Gadis kecil yang dipanggil Himeiryuu atau yang bernama lengkap Ishida Himeiryuu tadi tersenyum penuh kemenangan ke arah si anak laki-laki yang bernama Raito. Raito, atau nama lengkapnya Kurosaki Raito itu mendengus kesal dengan bibir mengerucut sambil menyilangkan tangan di depan dadanya dan duduk di kursinya begitu wali kelasnya mengisyaratkannya untuk duduk.
Senyum kemenangan di bibir Himeiryuu semakin lebar. Puteri dari pasangan Ishida Orihime dan Ishida Uryuu itu memang sangat senang membuat rival abadinya a. k. a Kurosaki Raito itu kesal setengah mati. Seperti yang orang-orang sering bilang, buah jatuh tak jauh dari pohonnya. Sepertinya pepatah itu benar-benar berlaku untuk kedua anak itu. Mereka berdua sama seperti ayah mereka. Sama-sama suka saling mengejek satu sama lain.
"Sudah, sudah, Raito-kun, Himeiryuu-chan," kata wali kelas mereka, mencoba menenangkan kedua anak itu.
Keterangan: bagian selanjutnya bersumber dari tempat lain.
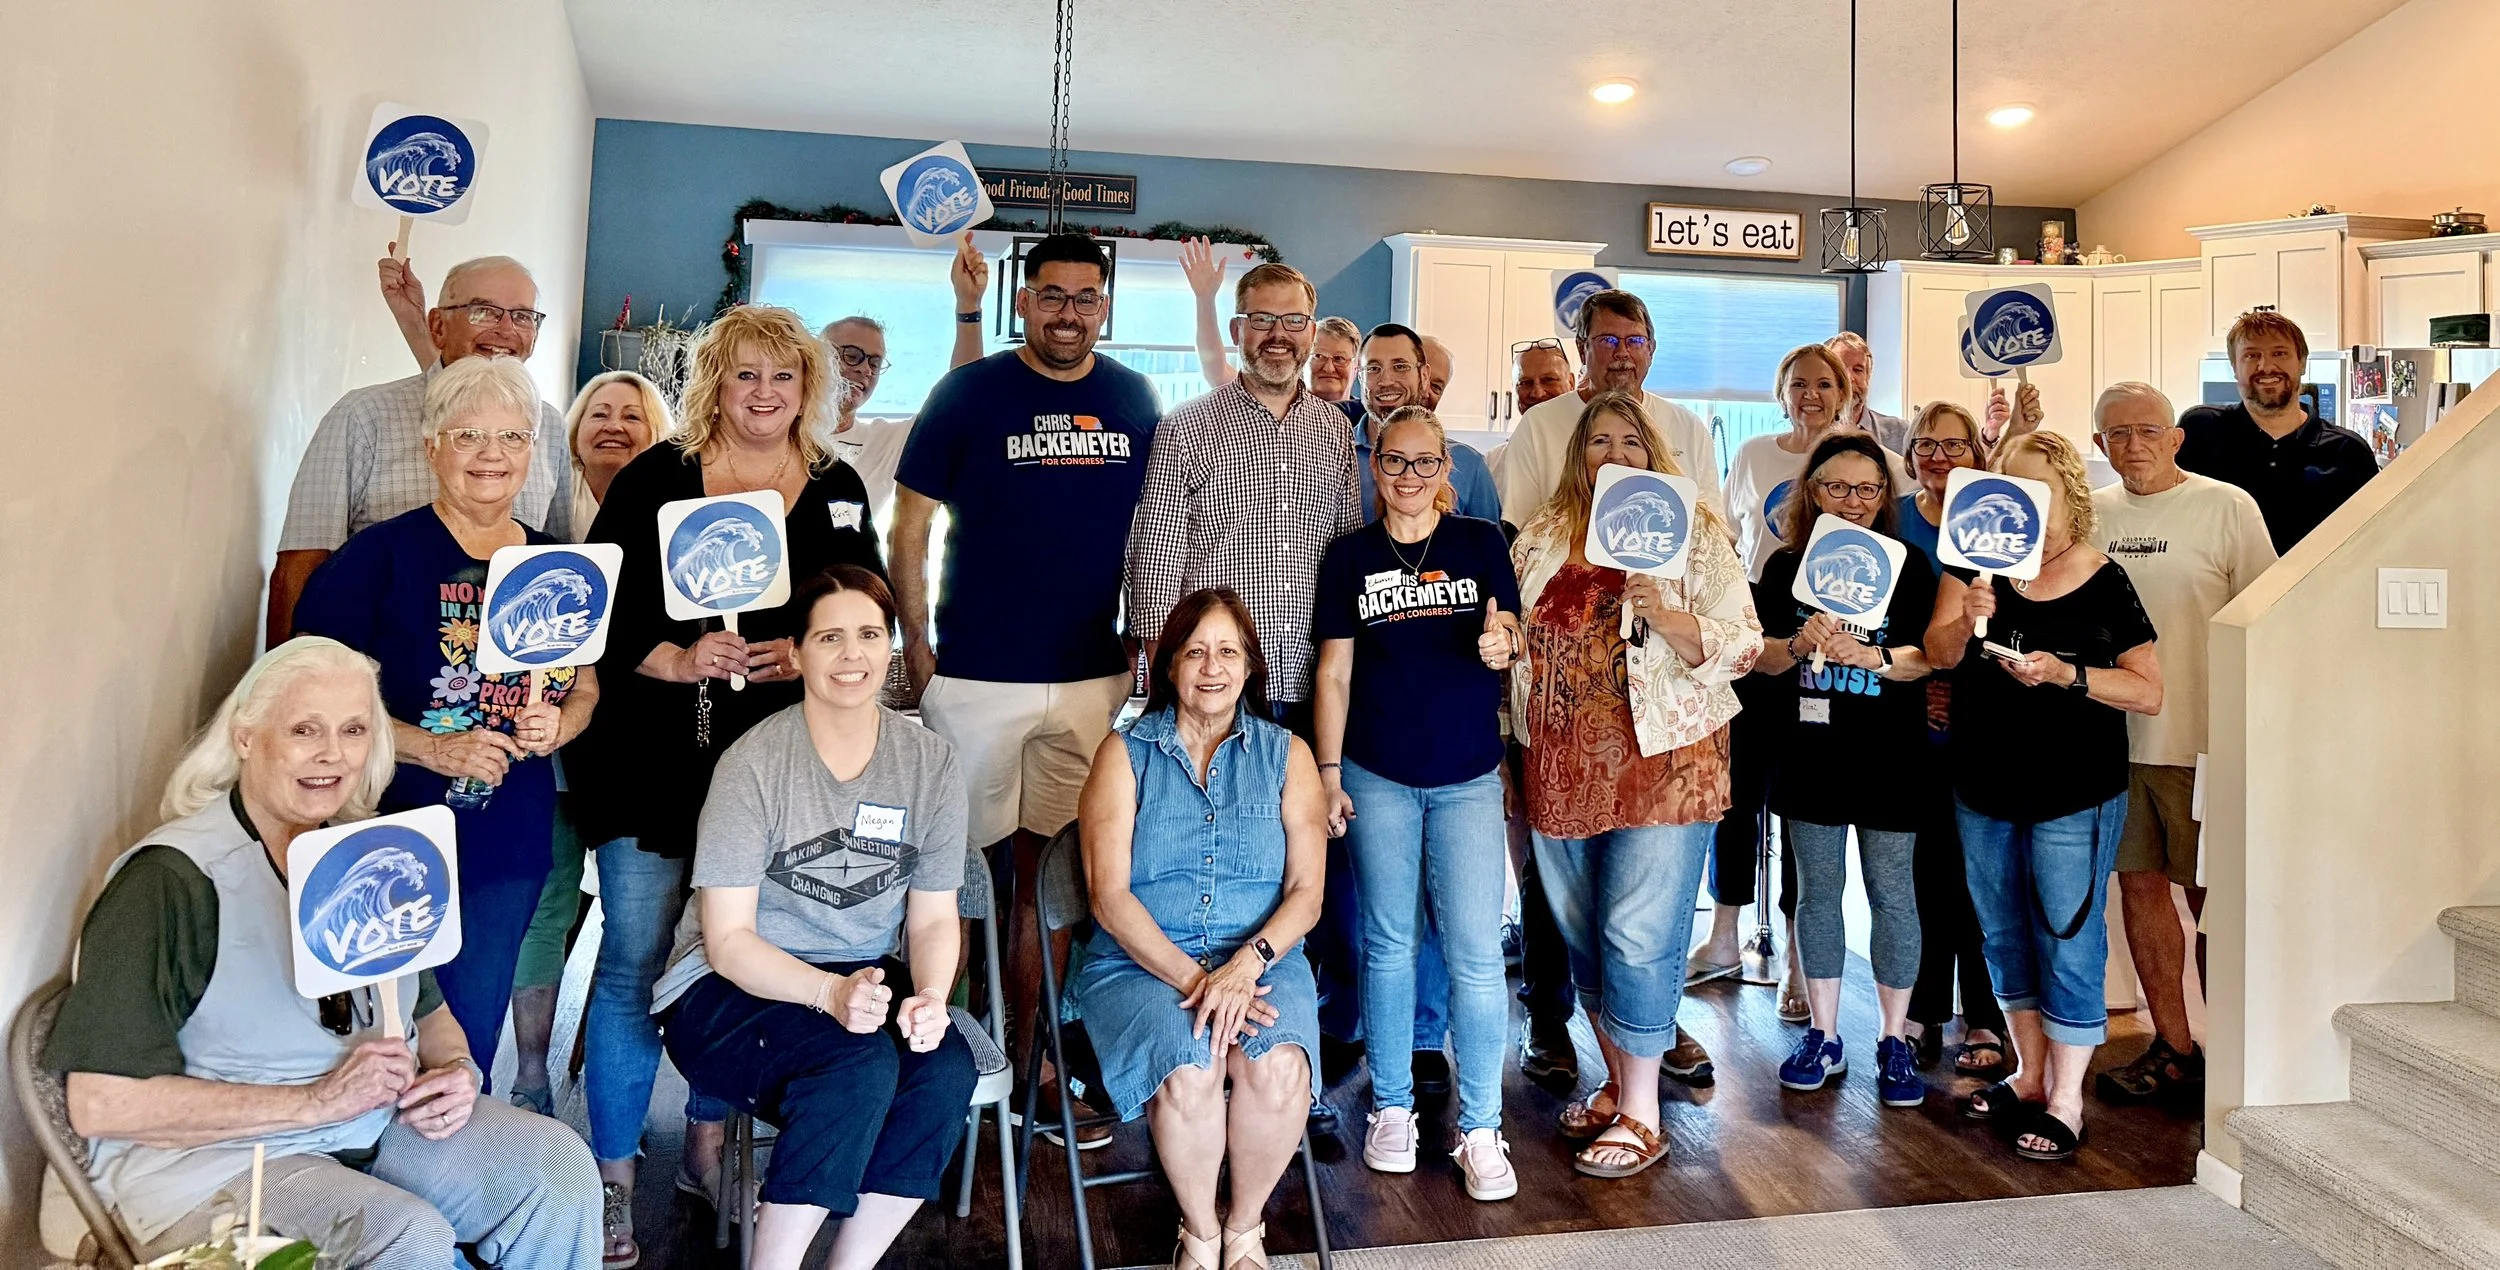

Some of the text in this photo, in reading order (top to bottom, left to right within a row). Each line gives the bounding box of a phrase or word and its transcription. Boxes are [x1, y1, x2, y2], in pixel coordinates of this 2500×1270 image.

[380, 167, 459, 197] VOTE
[979, 177, 1006, 197] ood
[1063, 182, 1092, 202] Good
[1096, 183, 1130, 204] Times
[917, 186, 974, 232] VOTE
[1654, 211, 1795, 250] let's eat
[1987, 327, 2048, 357] VOTE
[1034, 414, 1072, 432] CHRIS
[1007, 432, 1131, 459] BACKEMEYER
[1041, 457, 1105, 466] FOR CONGRESS
[1606, 527, 1675, 553] VOTE
[1957, 527, 2028, 554] VOTE
[685, 554, 769, 599] VOTE
[1814, 569, 1878, 604] VOTE
[440, 582, 474, 603] NO
[1358, 578, 1479, 621] BACKEMEYER
[440, 601, 461, 618] IN
[1388, 607, 1453, 623] FOR CONGRESS
[503, 608, 591, 652] VOTE
[1799, 662, 1881, 697] HOUSE
[479, 682, 567, 706] PROTCT
[860, 814, 895, 831] Megan
[784, 841, 822, 868] MAKING
[840, 828, 901, 859] CNNECTION
[324, 894, 435, 964] VOTE
Kemudian guru cantik dengan badan semampai itu menjelaskan sedikit tentang Hari Ibu pada anak-anak didiknya dengan riang gembira. Dan ia menambahkan, "Nah, karena itulah, sensei ingin kalian menulis karangan tentang ibu kalian masing-masing. Dan karangannya dikumpulkan besok ya. Karangan kalian akan kalian bacakan di depan orangtua kalian saat hari kunjungan orangtua pada hari Sabtu nanti. Tepat sehari sebelum Hari Ibu. Jadi, buatlah sebagus-bagusnya."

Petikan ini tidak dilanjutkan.